One of my favourite internet resources is Scott Aaronson’s Complexity Zoo, a compendium of pretty much everything that is known about computational complexity classes. I’m a physicist, and don’t have a huge need for this kind of thing, but even so, I find it surprisingly useful, surprisingly often. When I want to know something about complexity classes, the Zoo is the second best resource I know of. Of course, the best resource is to ask Scott (or another suitably inclined computer scientist) directly.

But such people aren’t always around. An interesting idea for a project that came up in conversation with Tereza Tušarová and Dan Kenigsberg last week is to produce a front end for the Complexity Zoo: a natural language interface, ideally capable of automated reasoning, and perhaps even of producing non-trivial proofs, or telling you interesting things (“yes, the inclusion you propose is possible, but the polynomial hierachy would collapse”). Unfortunately, I don’t have time to do this, but just thought I’d mention it here, in case anyone interested in symbolic mathematics were looking for a fun project.

3 comments

  1. I don’t know about the natural language interface, but perhaps a form that looks like this:

    , ,

    would be an easier start. Then you click the “what is known?” button, some ruleset runs, and presto, you have an answer. (Wonder how difficult it is to evaluate that ruleset in general, given only the constraints we know about complexity classes so far?)

    If we’re asking for bluesky projects, though, something that takes a problem and looks for reductions from X-complete problems for complexity class X would be more useful.

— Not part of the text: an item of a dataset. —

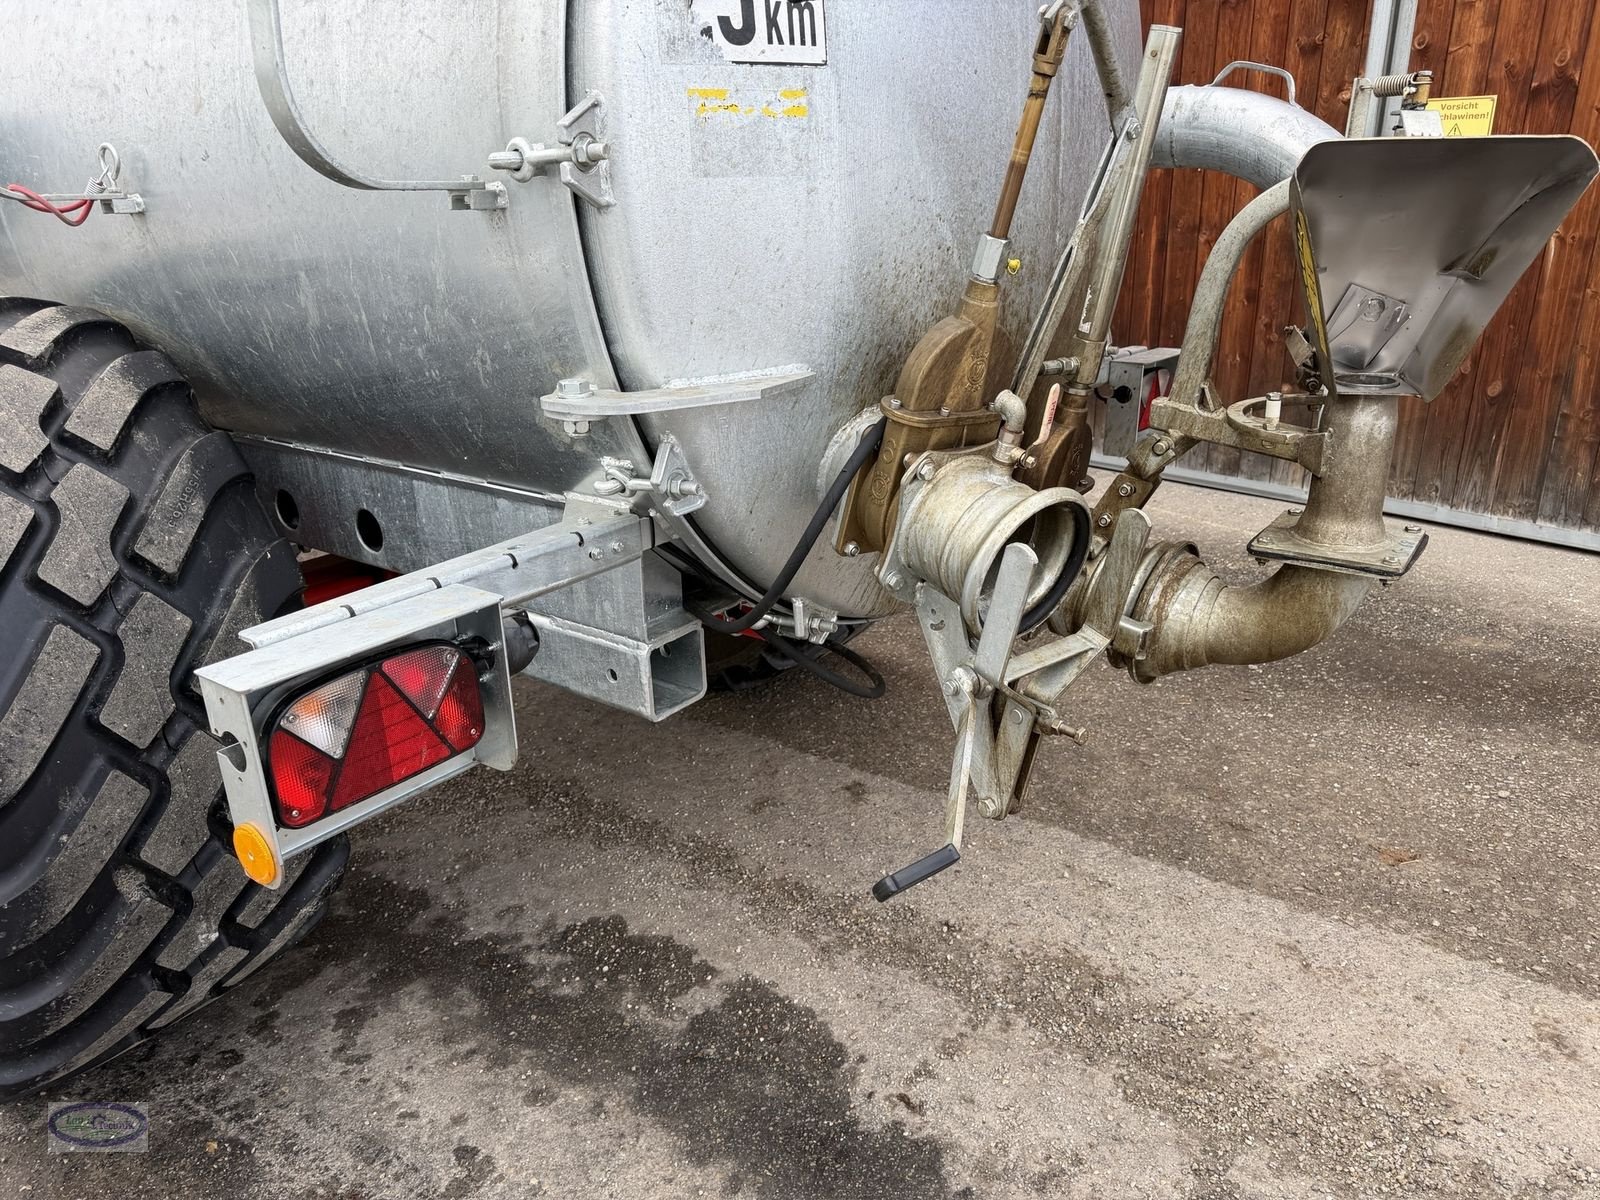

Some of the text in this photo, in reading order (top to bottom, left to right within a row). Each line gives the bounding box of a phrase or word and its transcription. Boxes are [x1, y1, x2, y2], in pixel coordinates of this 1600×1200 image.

[765, 0, 817, 47] km
[1440, 102, 1479, 111] Vorsicht
[1440, 112, 1490, 121] chlawinen!
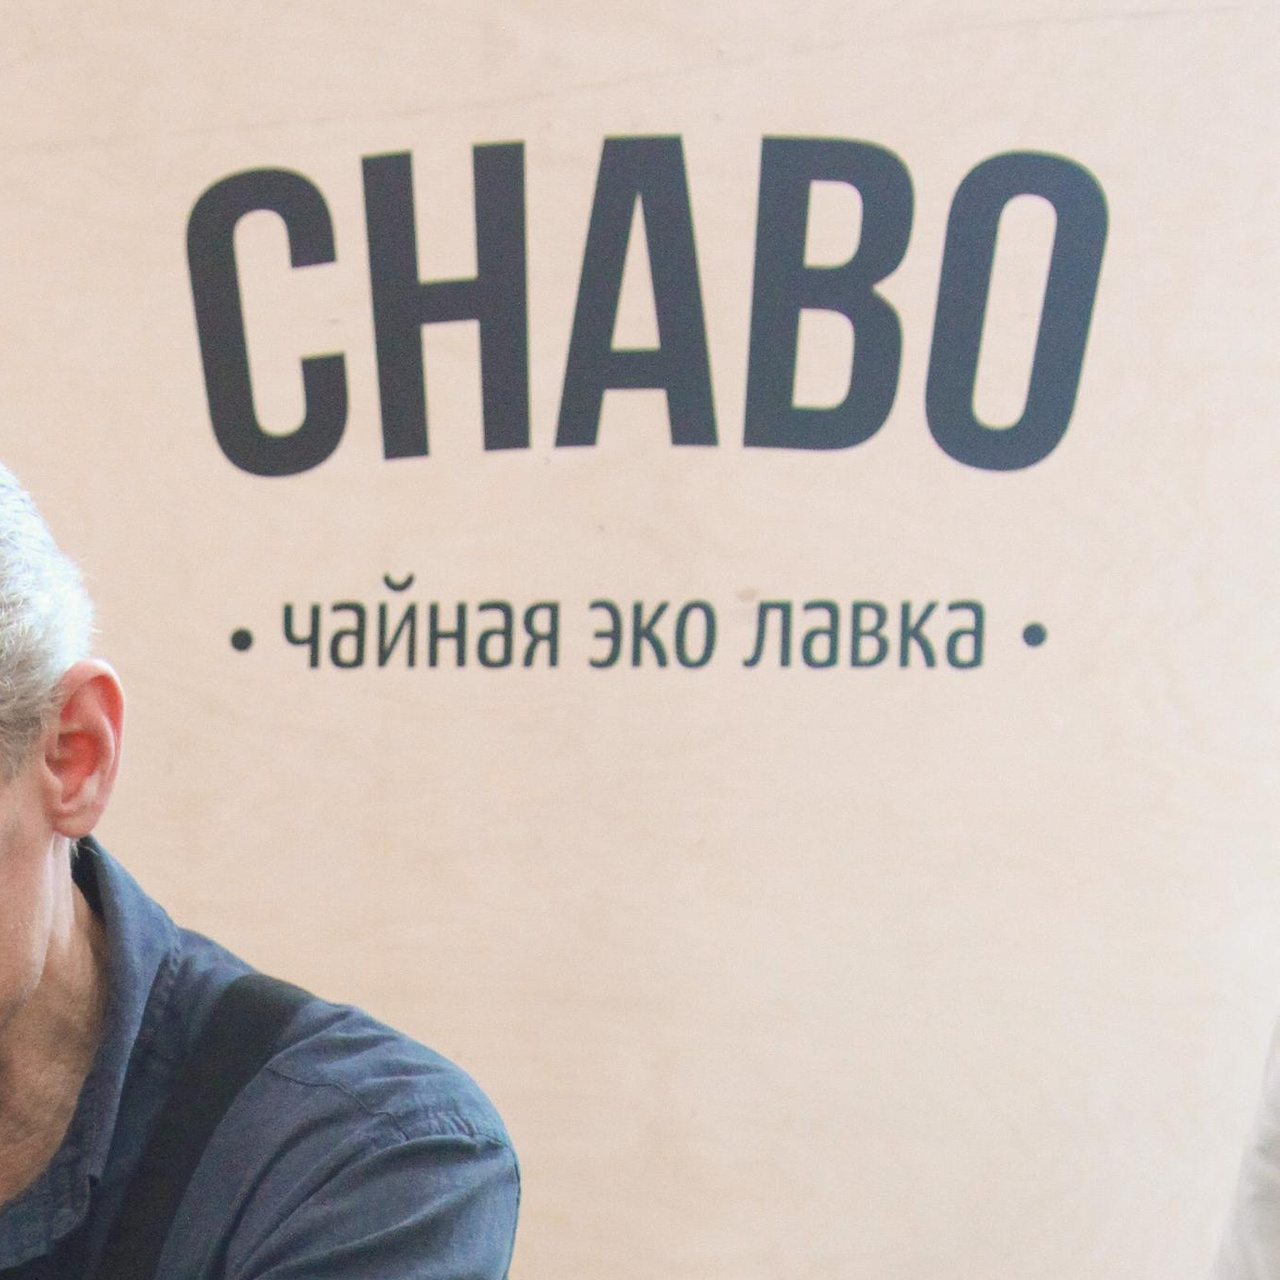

After all, if you come across a new problem, you’d like to know roughly how hard it is and which classes might be relevant. I was recently surprised to learn, for example, that matrix powering is hard for the class GapL, because I hadn’t heard about GapL before.

  2. OK, that didn’t come through. I mean a form that looks like

    “menu for class A”, “relation”, “menu for class B”

  3. David: You’re right, of course, that there would be much better ways of doing this than via a natural language interface. (Where “better” = functionally almost equivlaent results for far less effort.)

    I actually wrote it that way because of a rather frivolous joke in the original conversation with Thereza and Dan that suggested this – we were talking about how useful the Complexity Zoo is, and I joked that Scott himself provided a wonderful natural language interface to the Zoo. Which started us thinking…

    Jokes can be useful stimuli to research. I co-authored a paper years ago where the main result was suggested by a joke.